Sofia spent 15 years as an active-duty member of the military. While deployed in Afghanistan and stationed in Georgia and Japan, she was involved in logistics planning and management as well as transportation and distribution services. But now, as she seeks to re-enter civilian life, she can’t signal her qualifications to employers because she has no documented evidence of her skills.

Michael has been out of the workforce caring for his child with a disability. His last formal credential was awarded more than 10 years ago. Since that time, however, he fundraised tens of thousands of dollars for his church while providing significant medical support to a child with cystic fibrosis. He even organized a network of parents involved in caring for children with the condition.

Today, workers like Sofia and Michael find it difficult to leverage their full range of skills and experiences to secure quality jobs. Standard résumés and cover letters are poor tools for describing and verifying the many skills people acquire through life experiences, internships, entrepreneurship, on-the-job training and experience, and informal learning and online instruction. The hiring tools used by employers and job search sites to parse these documents play a powerful role in applicant screening and can create potentially misleading distinctions between candidates due to their reliance on technologies such as content-based filtering. Likewise, as technological needs change rapidly, employers must compete for workers with particular talents, but have difficulty identifying people who’ve gained their skills outside of school.

Learning and employment records (LERs, formerly called interoperable learning records) offer a promising solution to the challenge of capturing and communicating the skills of individual workers to a wide selection of potential employers, and they may equip employers with the tools necessary to maximize hiring, promotion, and upskilling. LERs are digital records detailing a person’s education, training, and work experience, and are verified through a distributed system similar to blockchain.

Standard résumés and cover letters are poor tools for describing and verifying the many skills people acquire through life experiences, internships, entrepreneurship, on-the-job training and experience, and informal learning and online instruction.

While LERs are not yet well known to the public, pilot programs for the technology are currently in progress across 150 universities and the Department of Defense as well as with such employers as Walmart, Google, IBM, and Salesforce. There is a growing consensus that the scheme requires standardization to achieve positive social outcomes, as captured in a recent white paper by the American Workforce Policy Advisory Board that defined the ideal LER platform as “transparent, relevant, equitable, private, secure, portable, shareable, verifiable, and, of course, interoperable.”

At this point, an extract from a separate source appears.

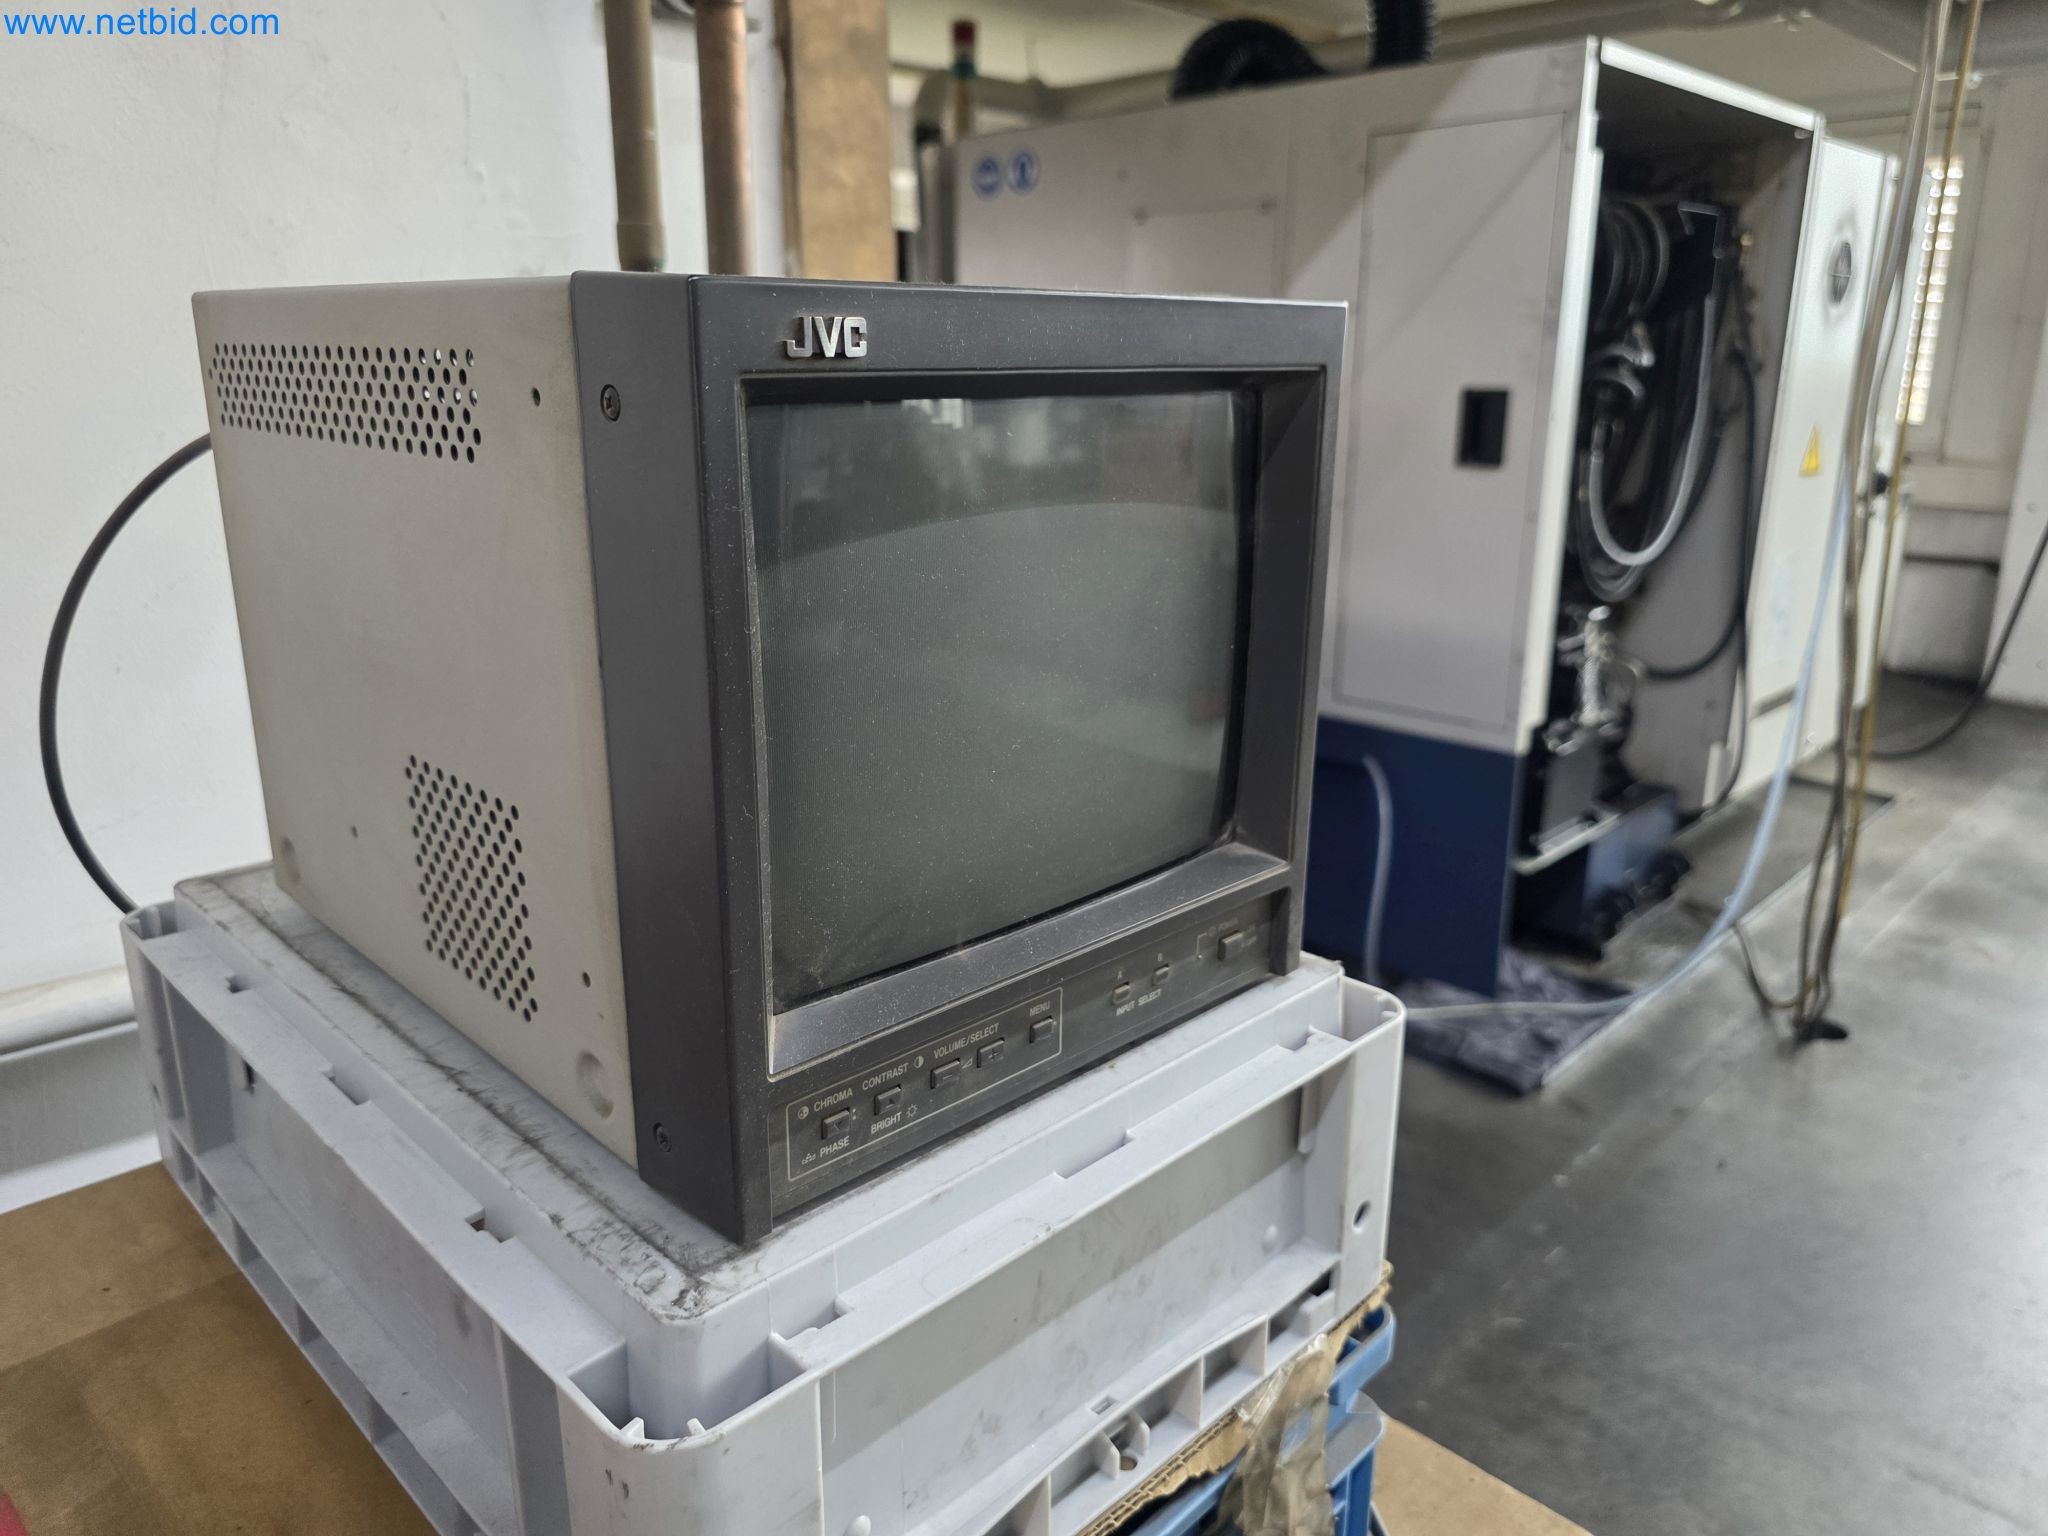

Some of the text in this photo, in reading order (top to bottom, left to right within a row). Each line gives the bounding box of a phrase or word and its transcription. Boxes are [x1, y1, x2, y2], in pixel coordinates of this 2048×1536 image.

If they can attain all of these characteristics, LERs could form an “internet of skills,” empowering individuals to share their knowledge, skills, and abilities as well as showcase their professional accomplishments. If they are implemented well, LERs will do a better job than résumés with some functions, such as empowering workers to find employment opportunities that maximize their full skill set and help them seek out complementary education and training opportunities. And if LERs are fully realized, in addition to reducing hiring costs for employers, they also have the potential to drive innovation in transformative ways.

Implemented at scale, LERs could empower workers, employers, and educators by allowing seamless movement between education and employment. Individuals would be able to mix, match, and stack their verified skills, while linking to and embedding digital files to show evidence of everything from coding to artwork, so that the sum is greater than the parts and the result is highly individualized. LERs may be particularly revolutionary in STEM fields—science, technology, engineering, and math—because they could capture the myriad experiential learning and practices that employers require but are hard to verify, allowing graduates to more easily change jobs, enter new industries outside of academia, and work in roles that may not yet exist.

Because this technology has the potential to transform society, LERs require careful, deliberate design to achieve more equitable, socially desirable outcomes, rather than intensifying existing inequities or disproportionately benefitting one group over another. Some of these concerns can be addressed solely through the technology. However, the majority of these concerns—including transparency, relevance, equity, privacy, shareability, and interoperability—will require collaboration between the technology developers and the stakeholders who will use them. As the movement to create LERs and its associated standards takes shape in the United States, we must deliberately ensure that they serve the needs of all, particularly disadvantaged workers.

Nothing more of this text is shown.